There was nothing around but fields and little rolling mountains. When you find a diner attached to a garage, you are missing something in life if you don’t stop.
We entered a small general store with the usual shelves of junk food, candies and glass cases filled with Pepsi, Gatorade and five kinds of bottled water. We moved through an open door into the dining area.
We sat down at a table, brushed off the crumbs, forcing angry flies to move somewhere else. I glanced around. Five farmers from two generations sat at a long table eating huge burgers and plates of fries. Several wore baseball caps that were melded onto their heads. It was a saggy, comfortable look.
A large, oval white haired man with glasses and gentle blue eyes stared far away into the spot where the wall meets the ceiling directly across from him. He didn’t move.
Another couple walked in. The man was about 6 ft. 5 in and maybe 250 pounds. His female partner was 6 ft. 1 in. and maybe 175 pounds. They were rough inside and out but good-hearted, you could tell.

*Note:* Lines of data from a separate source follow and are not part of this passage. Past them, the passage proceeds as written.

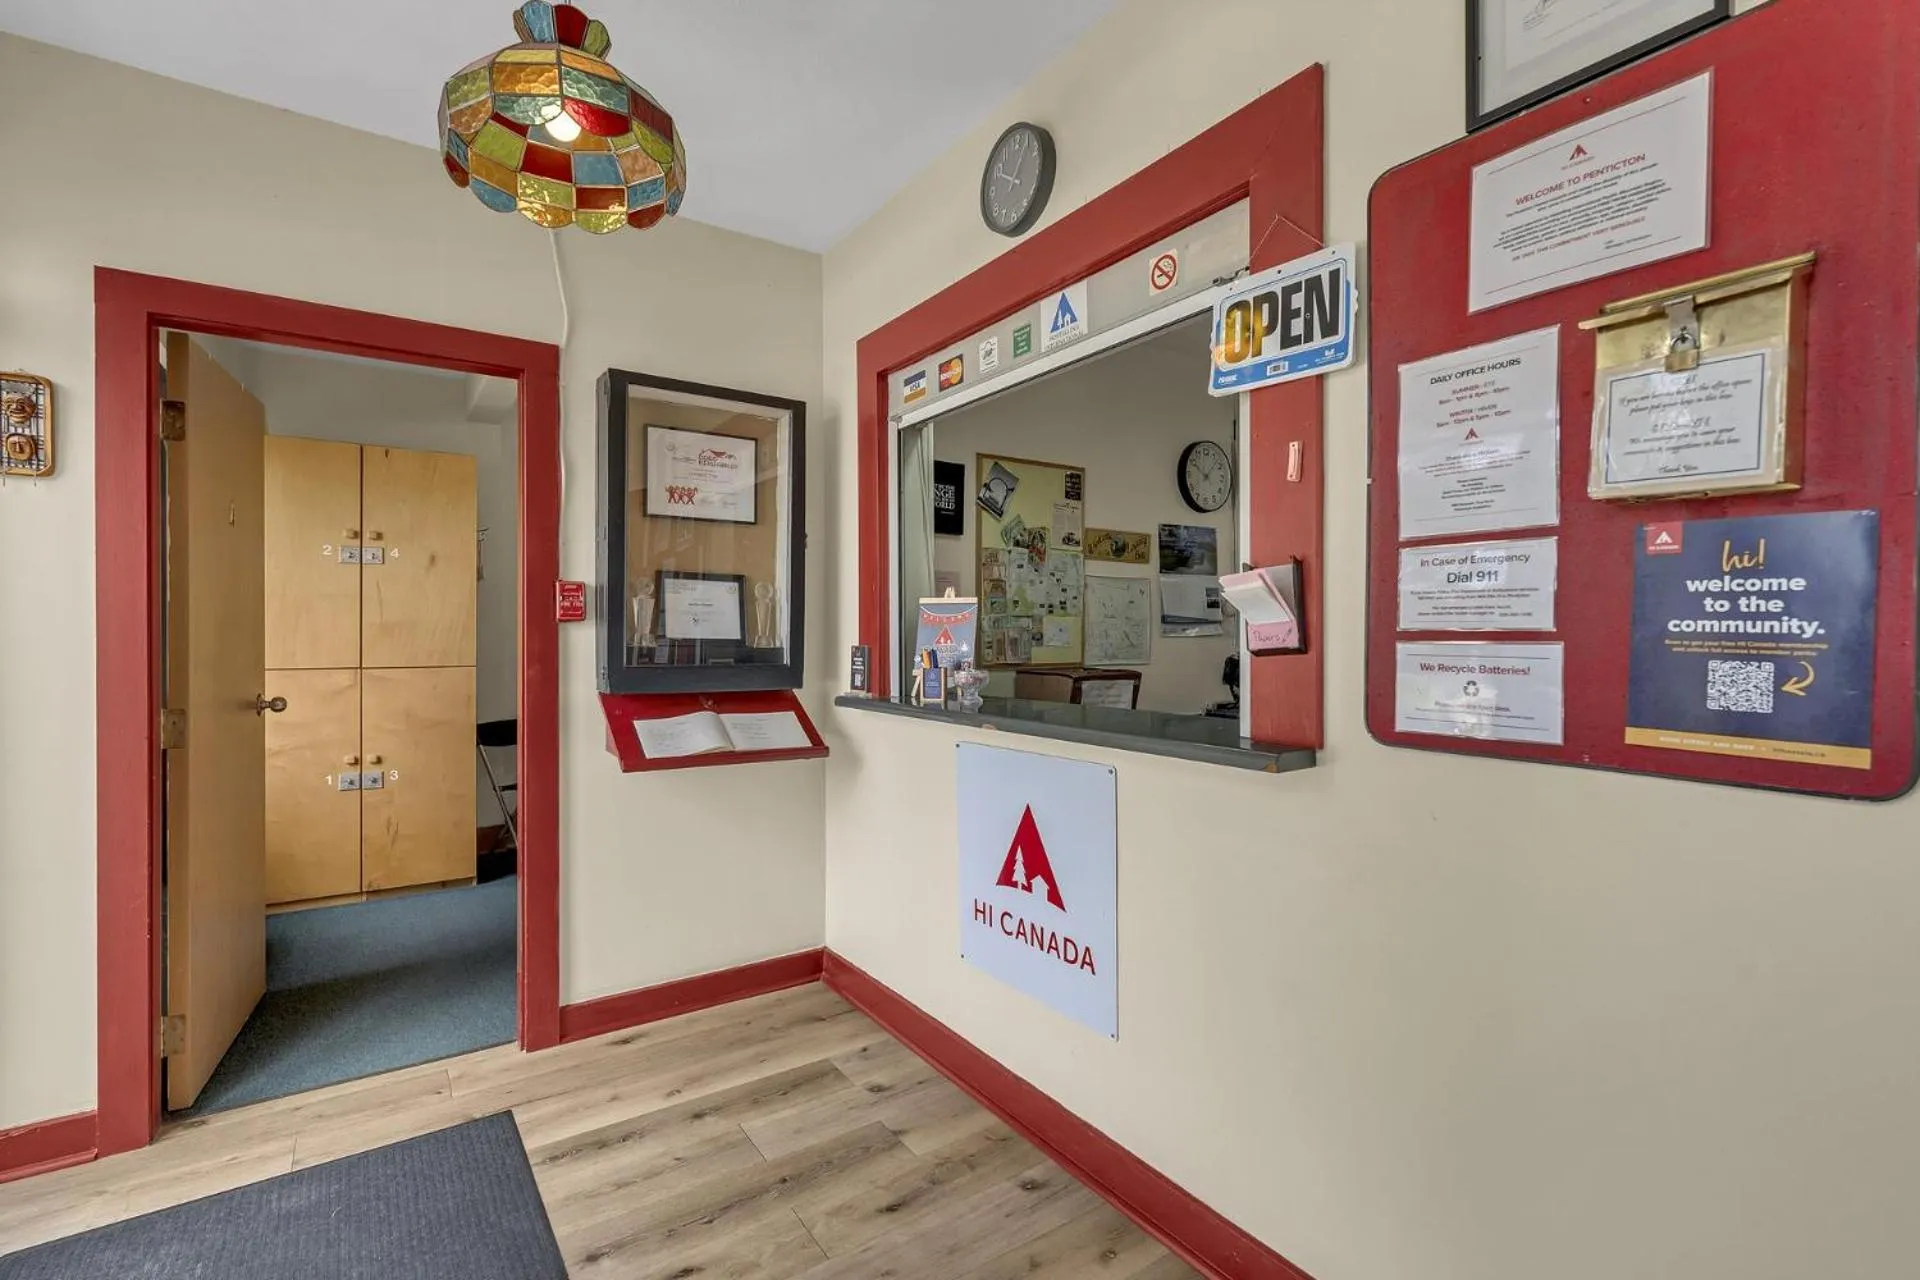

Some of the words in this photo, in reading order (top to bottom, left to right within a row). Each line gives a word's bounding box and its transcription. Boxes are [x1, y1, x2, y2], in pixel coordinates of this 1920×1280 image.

[1515, 180, 1565, 206] WELCOME
[1567, 175, 1582, 187] TO
[1583, 153, 1646, 181] PENTICTON
[1224, 268, 1341, 364] OPEN
[1430, 373, 1453, 385] DAILY
[1454, 366, 1486, 379] OFFICE
[1487, 358, 1522, 374] HOURS
[322, 544, 333, 555] 2
[389, 547, 401, 558] 4
[1722, 538, 1766, 572] hi!
[1420, 557, 1430, 567] In
[1431, 557, 1457, 567] Case
[1457, 555, 1468, 565] of
[1470, 553, 1531, 566] Emergency
[1447, 570, 1473, 584] Dial
[1475, 570, 1499, 583] 911
[1686, 575, 1808, 592] welcome
[1703, 597, 1731, 613] to
[1738, 595, 1785, 613] the
[1667, 616, 1826, 638] community.
[1420, 662, 1436, 672] We
[1437, 663, 1477, 674] Recycle
[1478, 664, 1532, 676] Batteries!
[325, 775, 333, 785] 1
[389, 769, 399, 781] 3
[974, 898, 993, 928] HI
[1000, 911, 1096, 975] CANADA

There was no music, just the sound of people talking in southern Pennsylvania accents. Leigh and I have traveled the country many times and I’ve found that in diners, people all talk about the same things: their kids, the weather, crops, health, politics.
We’re all unique, but we have more in common than we’d like to believe.

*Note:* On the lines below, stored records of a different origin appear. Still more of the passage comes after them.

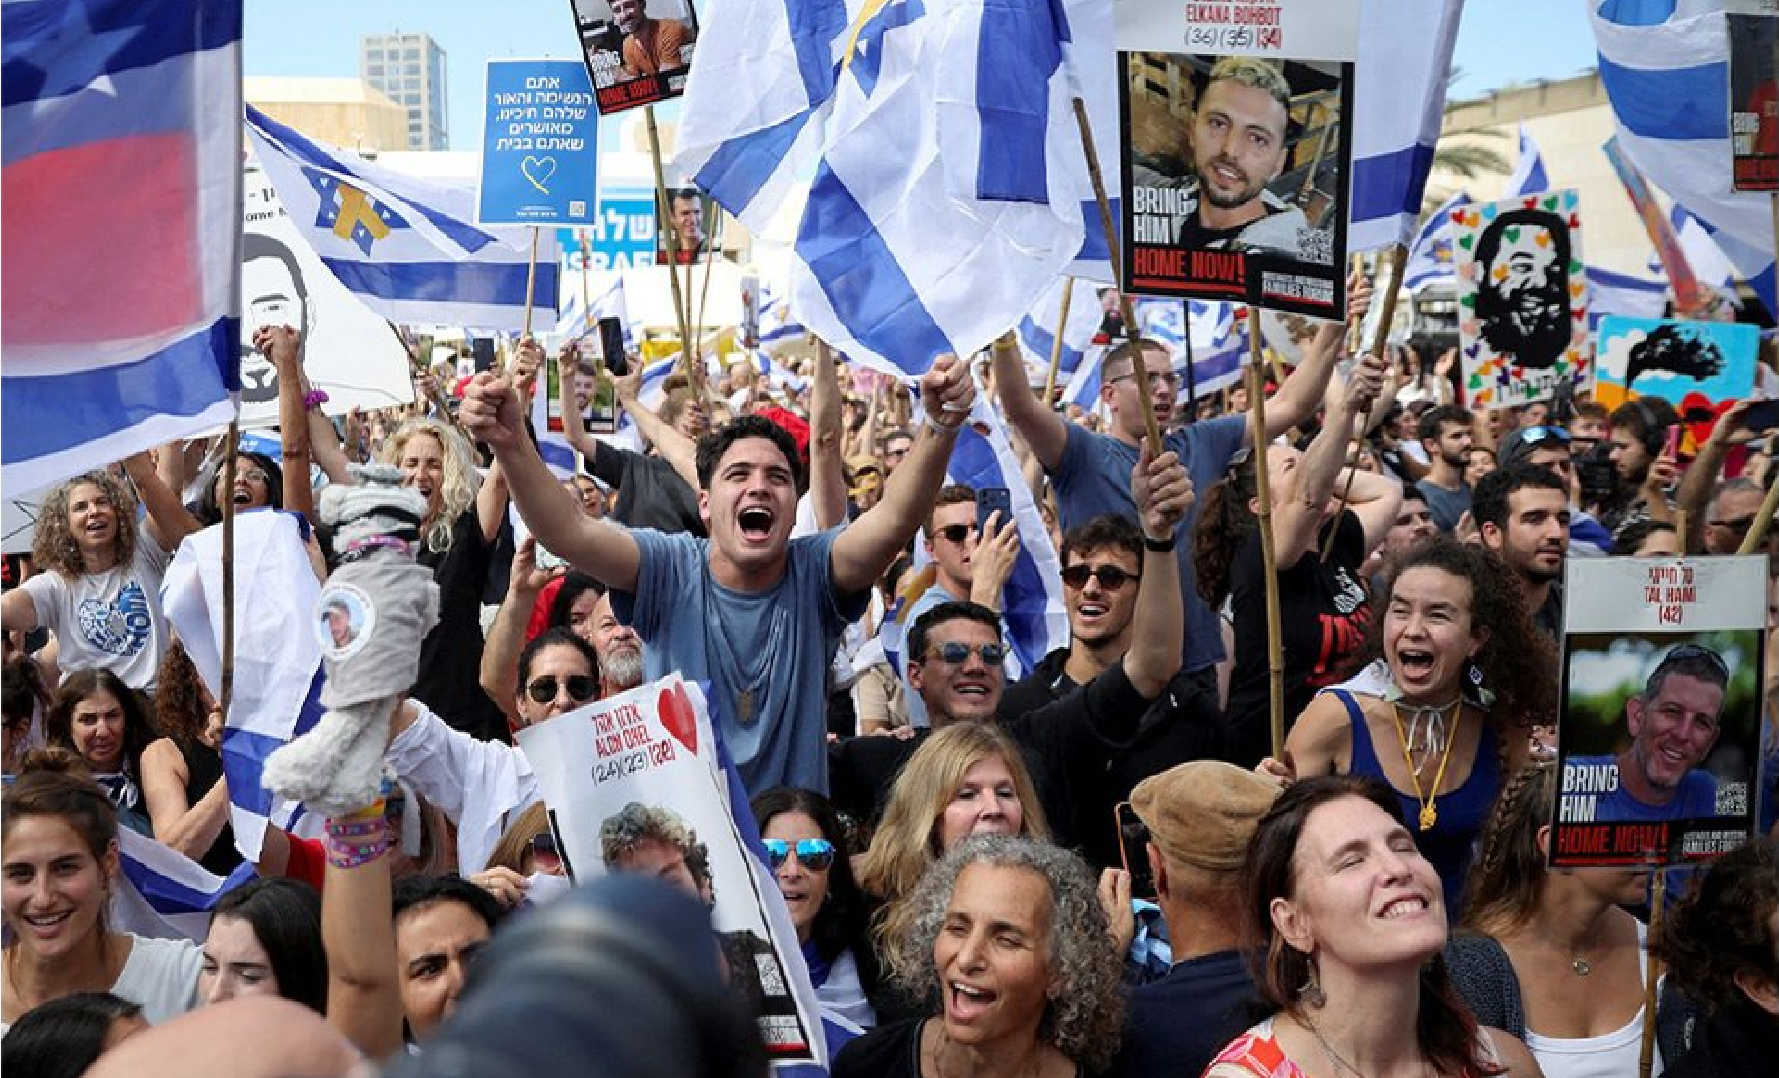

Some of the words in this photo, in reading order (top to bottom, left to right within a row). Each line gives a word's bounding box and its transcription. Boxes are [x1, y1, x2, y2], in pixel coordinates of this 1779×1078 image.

[1186, 4, 1230, 23] ELKANA
[1233, 6, 1282, 25] BOHBOT
[1184, 28, 1218, 47] (36)
[526, 76, 560, 89] אתם
[543, 106, 586, 120] שלהם
[509, 122, 574, 135] מאושרים
[496, 138, 533, 151] בבית
[535, 138, 584, 150] שאתם
[1133, 187, 1190, 214] BRING
[1133, 214, 1170, 243] HIM
[1133, 248, 1187, 277] HOME
[1191, 250, 1246, 283] NOW!
[1659, 604, 1683, 624] (42)
[1563, 764, 1618, 792] BRING
[1560, 795, 1597, 822] HIM
[1558, 825, 1610, 853] HOME
[1615, 823, 1668, 853] NOW!

Everyone in the diner wore jeans or shorts, t-shirts, and everyone seemed worn by the weather and life.
Leigh wore a beige top and slacks. I was in frayed Dockers (yes I made a presentation to colleagues in worn, frayed Dockers. Nobody, even PR people paid to notice details, ever looks down at your ankles) and a dress shirt open at the collar.
No one paid attention to us.
A young waitress took our order. For detail freaks, on the road I always order a breakfast of two eggs, scrambled, sausage, wheat toast and Tabasco sauce. Leigh has two eggs over easy, bacon, wheat toast and one pancake. This never varies.
When we finished, I took the check to the general store counter where the young waitress was also manning the cash register.
“So where are you from?” She asked with the air of a young person desperately wanting to get out of her rural area where people still talk about what happened 50 years ago and judge people by what they did 25 years ago.
“Do we look like we’re not from around here?” I asked innocently.
She shrugged and nodded and I told her. She told me to have a nice day and I think she meant it. I wanted to talk to her and tell her she needed to leave and explore the country and her life and then maybe come back and appreciate her home and contribute to it, but we were just passing through.
We had our breakfast and she had her life.
Outside I took a picture and we drove off.
Our lives, and hers, continue on as they’re supposed to.